Photo of Squishy Robotics team at Techcrunch
Squishy Robotics was invited to demo at TechCrunch Robotics+AI on Thursday, April 18, 2019. Alice Agogino, CEO of Squishy Robotics and Professor of Mechanical Engineering at UC Berkeley, led the demo through backdrop videos of field testing, supplemented by stage demos by the Squishy Robotics team. Notably lead mechatronics engineer Doug Hutchings threw a stationary tensegrity across the stage and he and mechatronics engineer Anthony Thompson played pitch and catch with another tensegrity to demonstrate how Squishy Robotics compliant structures protect them during high impacts. This also demonstrates how the “squishy” properties makes then safe around humans, allowing them to be co-robots or partners to human-robotic teams.
Lead Mechatronics Engineer Throwing Squishy Stationary Robot Across the Stage.
Lead Mechatronics Engineer Throwing Squishy Stationary Robot Across the Stage.

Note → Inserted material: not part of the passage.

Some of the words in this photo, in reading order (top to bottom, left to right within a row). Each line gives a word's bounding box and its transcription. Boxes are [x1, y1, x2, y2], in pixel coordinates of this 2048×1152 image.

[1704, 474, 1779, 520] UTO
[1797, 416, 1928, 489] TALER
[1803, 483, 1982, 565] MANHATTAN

TechCrunch journalist Devin Coldeway published an article titled: How Squishy Robotics created a robot that can be safely dropped out of a helicopter that was released the day of the demo.


The startup has been operating more or less in stealth mode, emerging publicly today onstage at our Robotics + AI Sessions event in Berkeley, Calif. It began, co-founder and CEO Alice Agogino told me, as a project connected to NASA Ames a few years back.

“The original idea was to have a robot that could be dropped from a spacecraft and survive the fall,” said Agogino. “But I could tell this tech had earthly applications.”

Her reason for thinking so was learning that first responders were losing their lives due to poor situational awareness in areas they were being deployed. It’s hard to tell without actually being right there that a toxic gas is lying close to the ground, or that there is a downed electrical line hidden under a fallen tree, and so on.

Squishy’s solution can’t quite be dropped from orbit, as the original plan was for exploring Saturn’s moon Titan, but they can fall from 600 feet, and likely much more than that, and function perfectly well afterwards. It’s all because of the unique “tensegrity structure,” which looks like a game of pick-up-sticks crossed with cat’s cradle.